FIG. 1 is a sectional view showing an embodiment of the present invention.

FIG. 2 is a sectional view showing another embodiment of the present invention.

FIG. 3 is a sectional view showing another embodiment of the present invention.

FIG. 4 is a perspective view showing a conventional example.

FIG. 5 is a configuration diagram showing another conventional example.

FIG. 6 is a diagram showing a configuration of a deflector of the conventional example.

[Explanation of symbols]

 23 ... Scanner motor 27 ... Isosceles triangular prism 29 ... Semiconductor laser oscillator 32 ... Light emitting unit 33 ... Meniscus lens

Claims (2)

[Claims] 1. A reflector which is rotated by a motor and reflects center light of an incident laser beam to deflect and scan in a plane direction perpendicular to a rotation axis of the motor, and converts the laser beam into a divergent beam. The angle θ with respect to the reflector (where 0 ° <θ
<180 ° and not including 90 °) and a laser beam emitting means, and an imaging lens provided in the vicinity of the reflector and converging the deflected light from the reflector on the image plane. Optical scanning device. 2. A reflector which is rotated by a motor and reflects center light of an incident laser beam to deflect and scan in a plane direction perpendicular to a rotation axis of the motor; and a laser beam converted into a divergent beam.
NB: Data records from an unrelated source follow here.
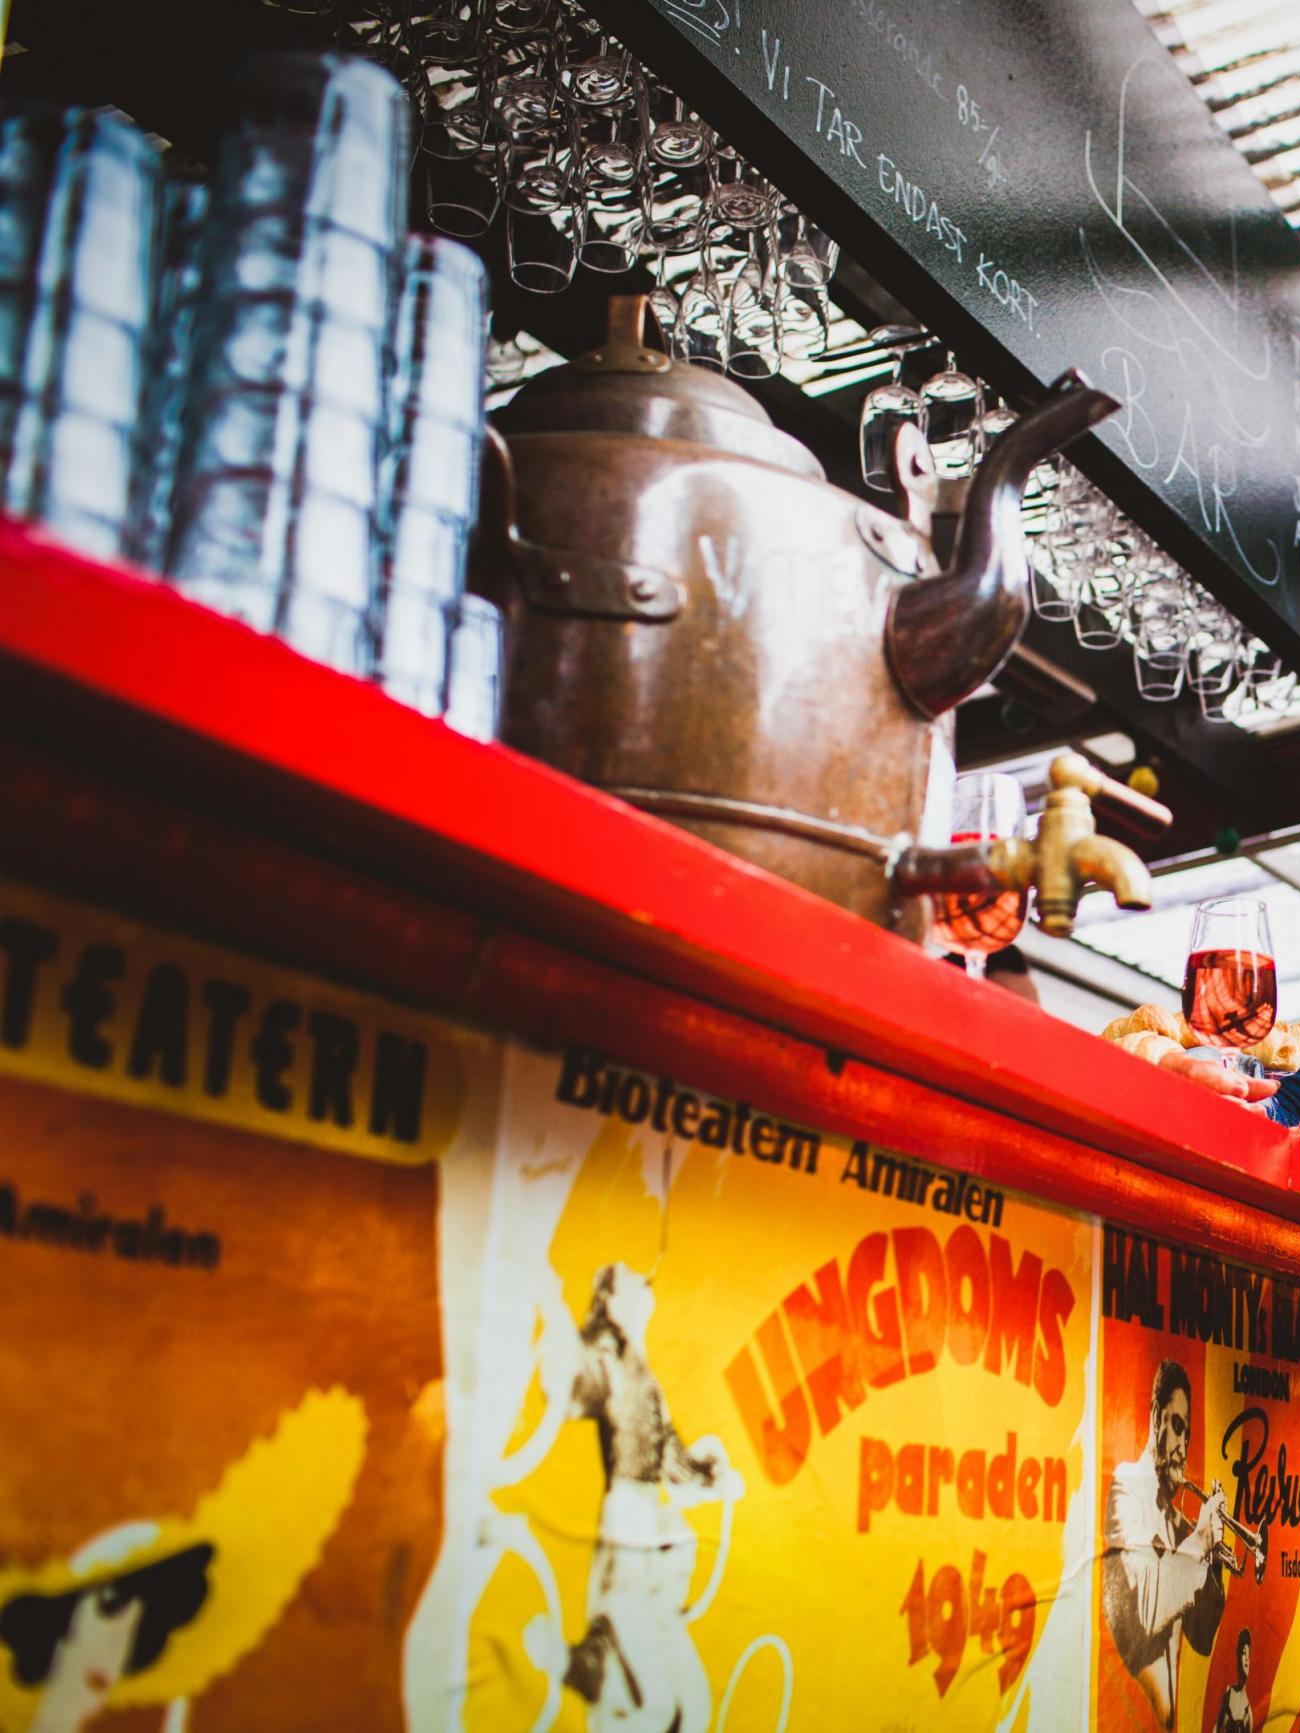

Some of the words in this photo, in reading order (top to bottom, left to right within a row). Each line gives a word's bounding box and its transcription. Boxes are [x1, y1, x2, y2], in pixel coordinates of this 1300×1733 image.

[762, 29, 788, 100] VI
[805, 76, 867, 169] TAR
[877, 153, 967, 263] ENDAST
[840, 1139, 1005, 1228] Amiralen
[1102, 1225, 1164, 1332] HAL
[721, 1223, 1076, 1488] UNGDOMS
[1233, 1360, 1290, 1403] LONDON
[856, 1431, 1068, 1535] paraden
[900, 1549, 1037, 1700] 1949
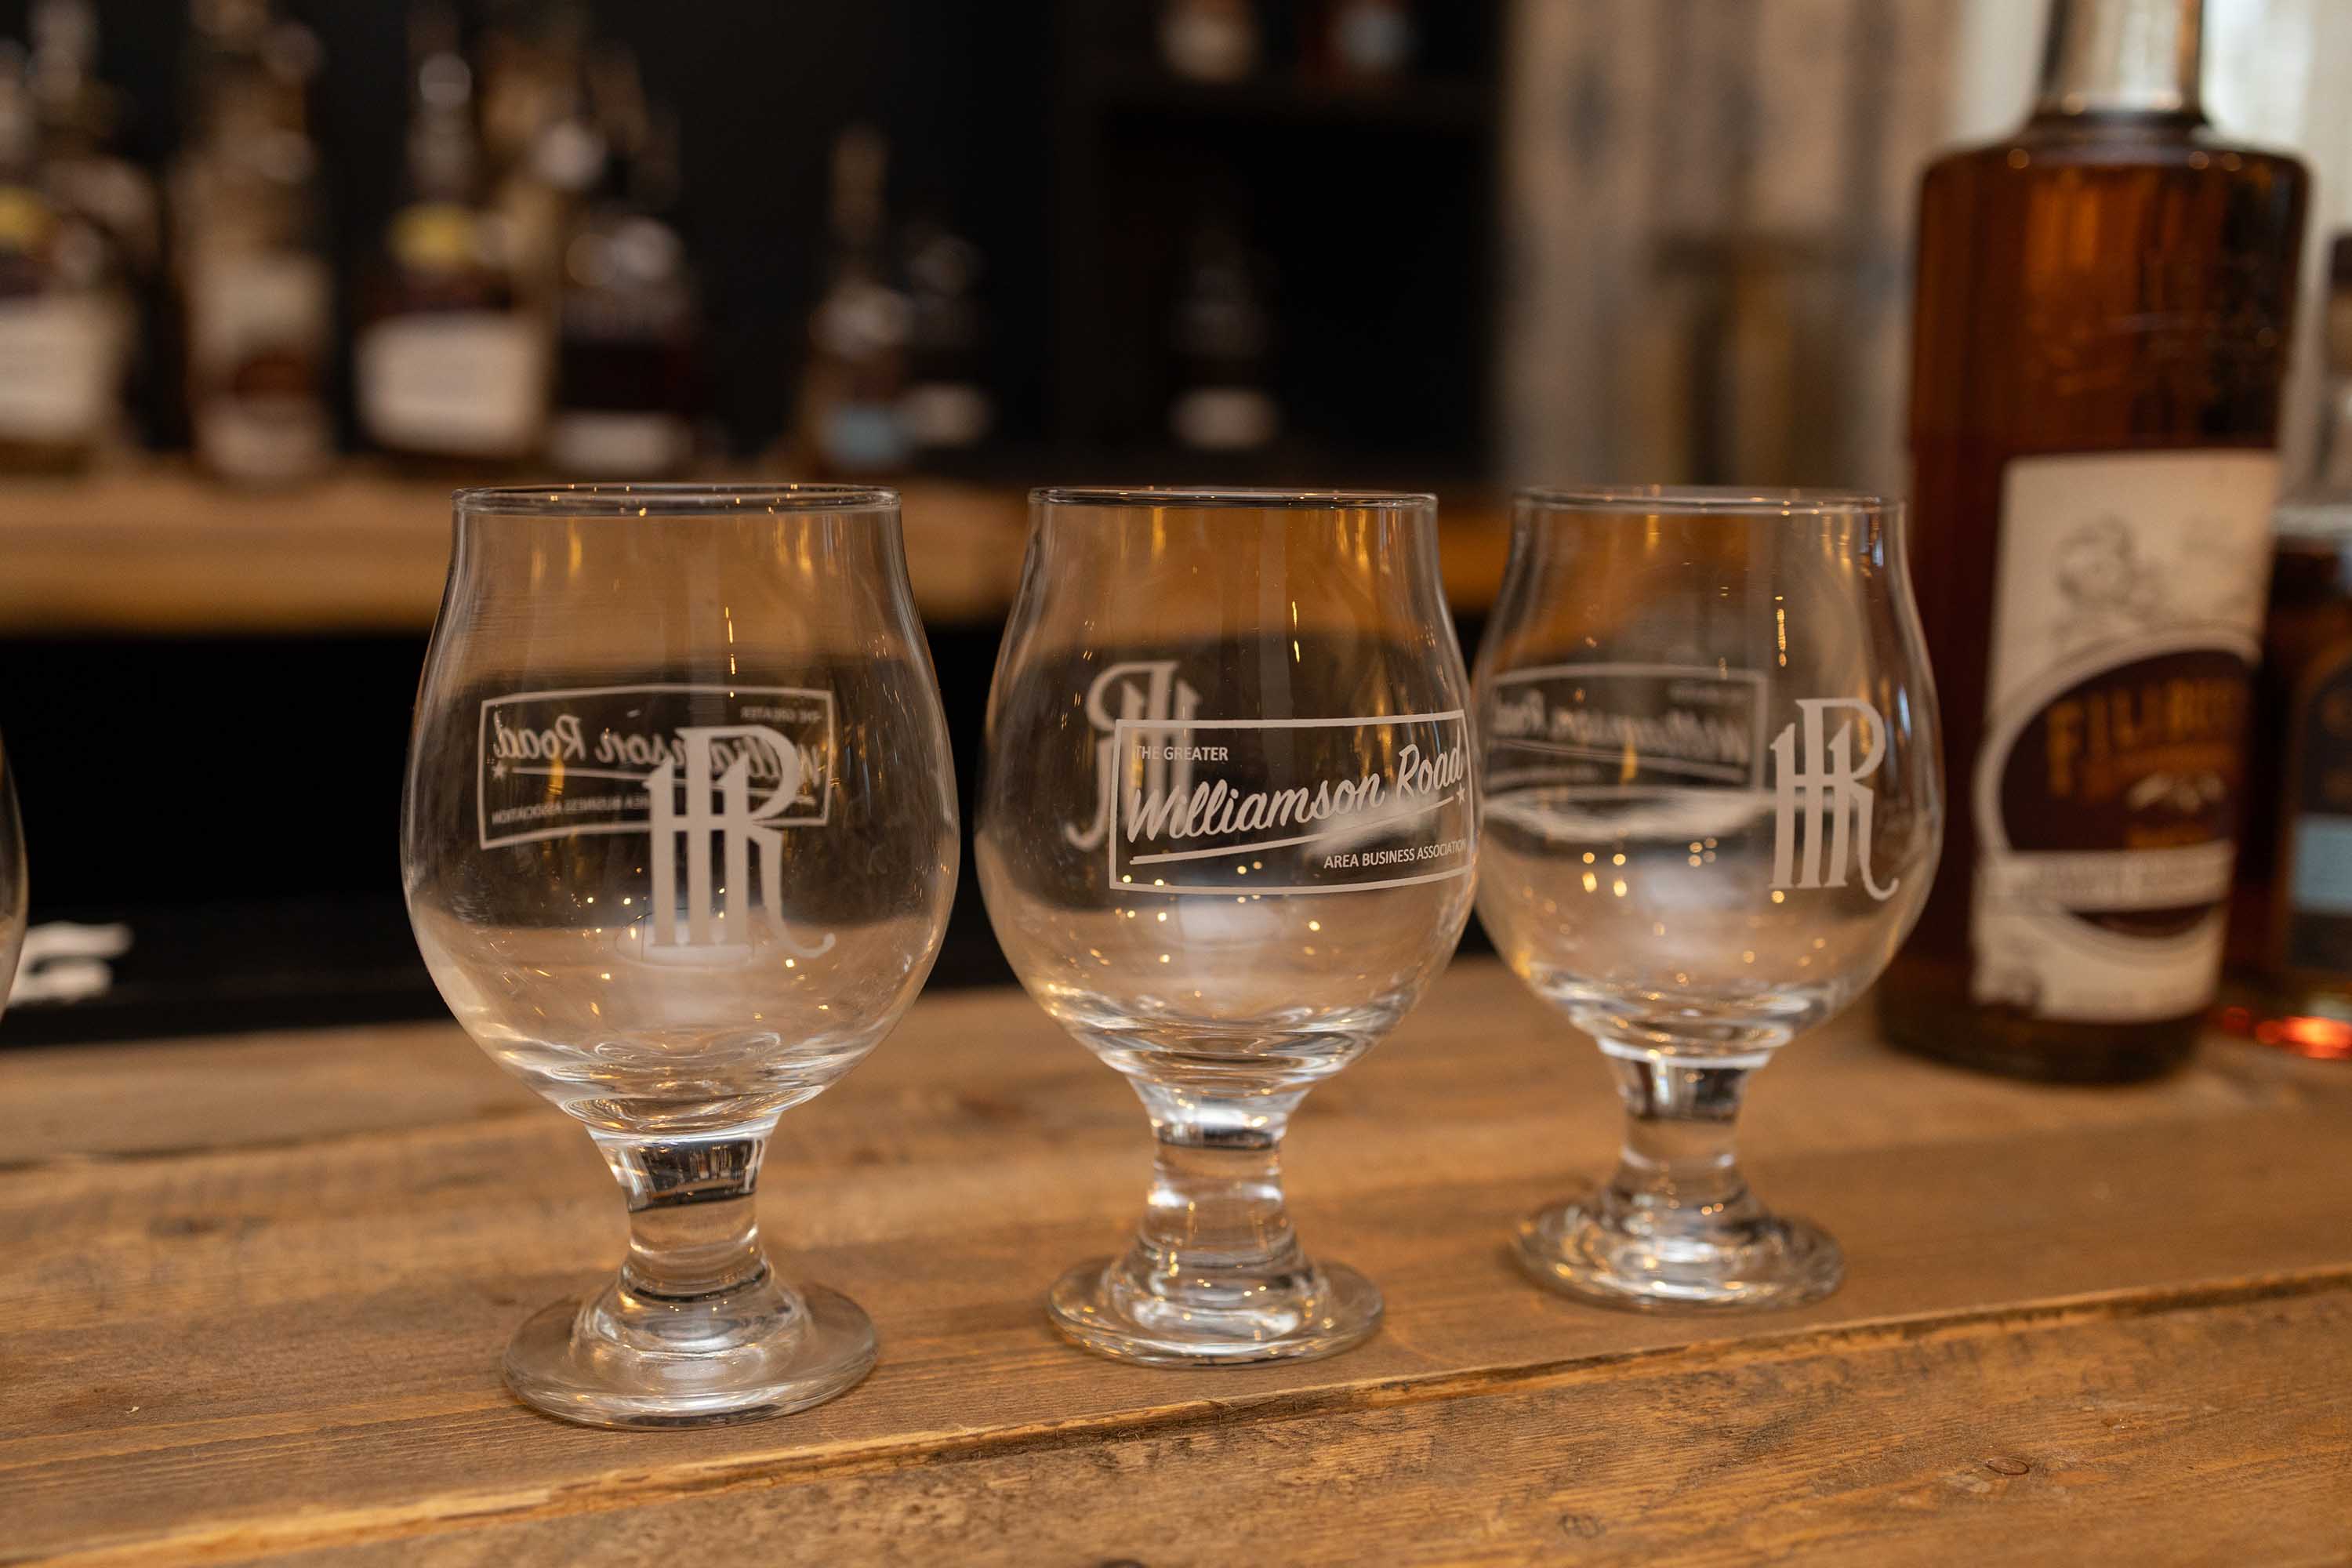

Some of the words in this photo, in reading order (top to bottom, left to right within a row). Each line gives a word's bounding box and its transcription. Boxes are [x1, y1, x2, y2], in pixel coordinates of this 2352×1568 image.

[1136, 746, 1162, 760] THE
[1163, 746, 1229, 761] GREATER
[1127, 772, 1386, 843] Williamson
[1396, 724, 1463, 798] Road
[1323, 854, 1359, 869] AREA
[1362, 848, 1415, 867] BUSINESS
[1417, 838, 1468, 861] ASSOCIATION
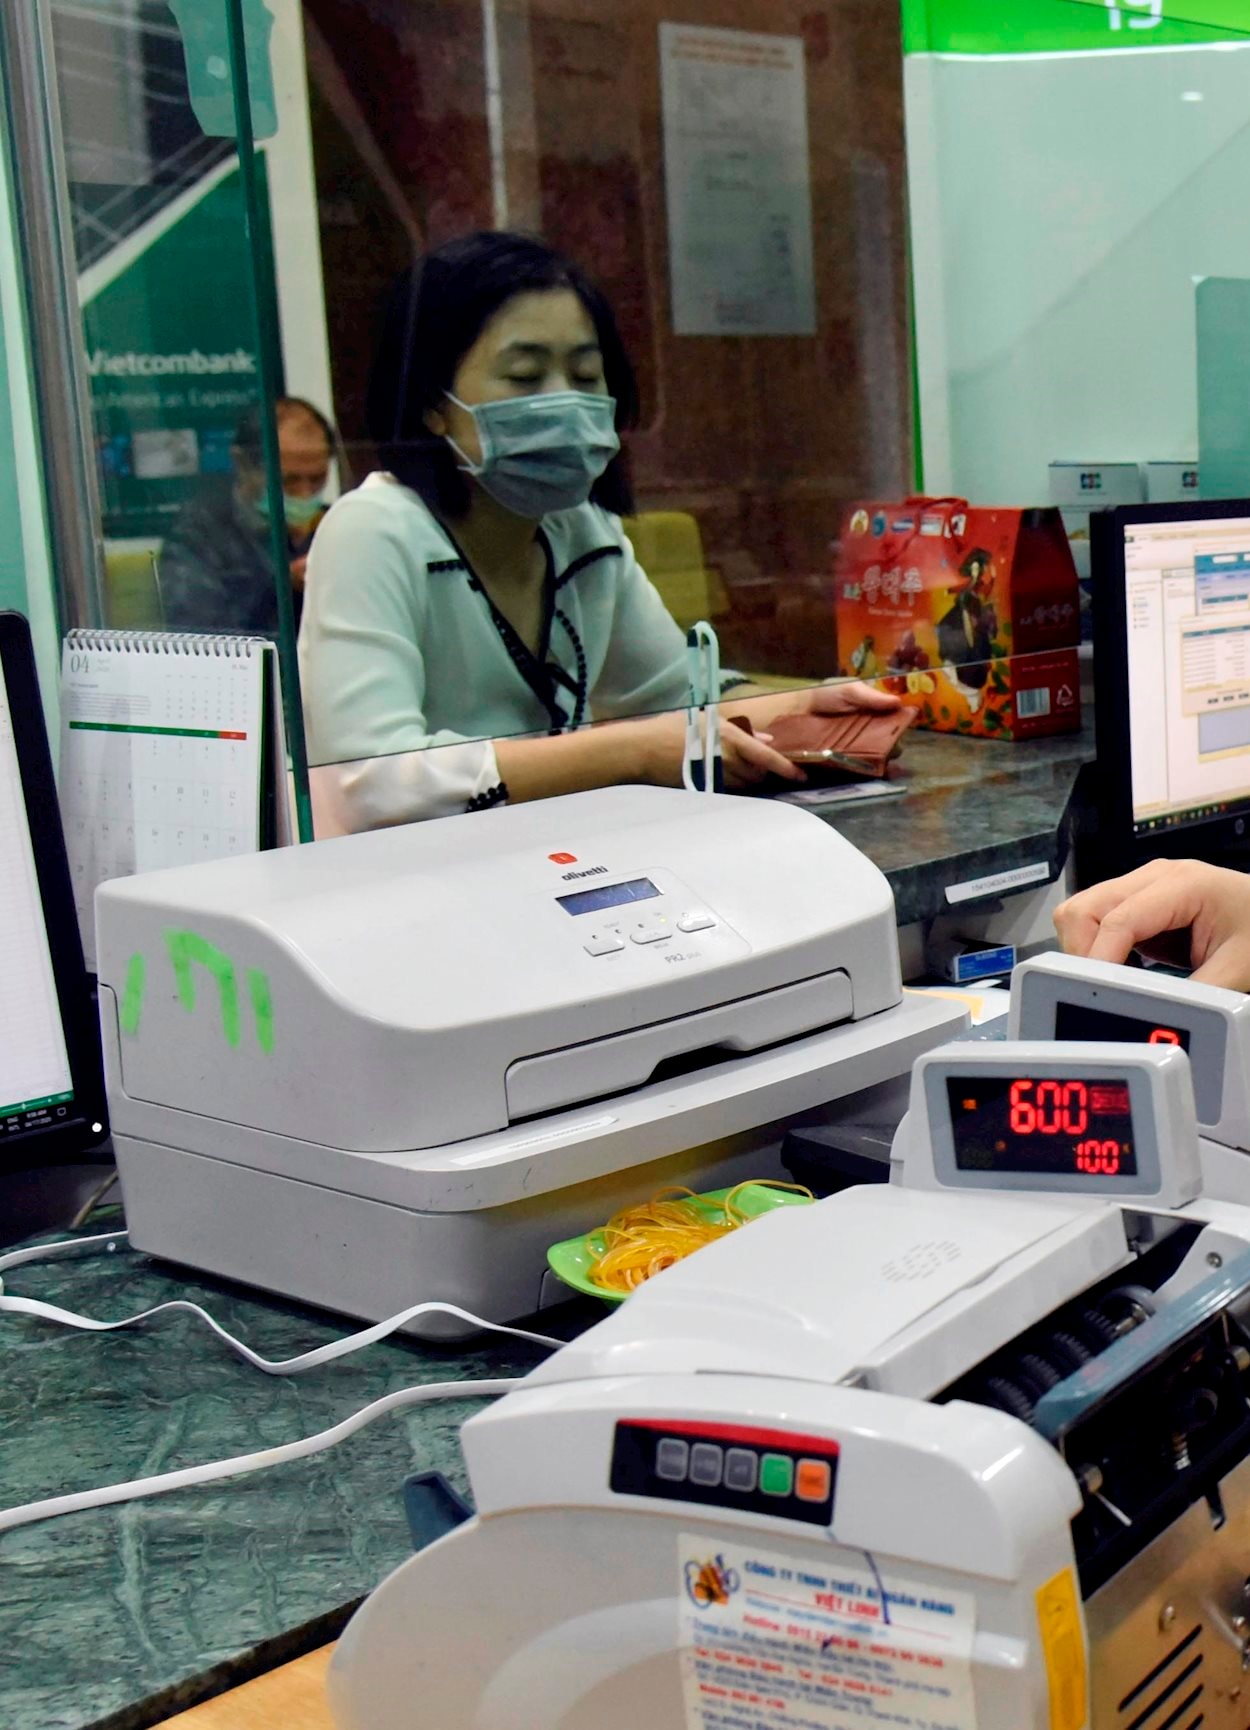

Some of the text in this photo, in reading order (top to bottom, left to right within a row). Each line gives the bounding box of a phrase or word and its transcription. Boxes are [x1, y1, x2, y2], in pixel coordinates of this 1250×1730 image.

[85, 348, 257, 377] Vietcombank
[70, 654, 90, 674] 04
[561, 865, 609, 882] olivetti
[1010, 1080, 1088, 1135] 600
[1076, 1139, 1120, 1175] 100
[815, 1592, 843, 1612] VIỆT
A laser beam emitting means arranged to emit in a plane direction perpendicular to the rotation axis of the motor, and a laser beam emitted from the laser beam emitting means with respect to the reflector at an angle θ (where 0 ° < a prism for making incident light at θ <180 ° (not including 90 °), and an imaging lens provided in the vicinity of the reflector and condensing the deflected light from the reflector on an image plane. Optical scanning device.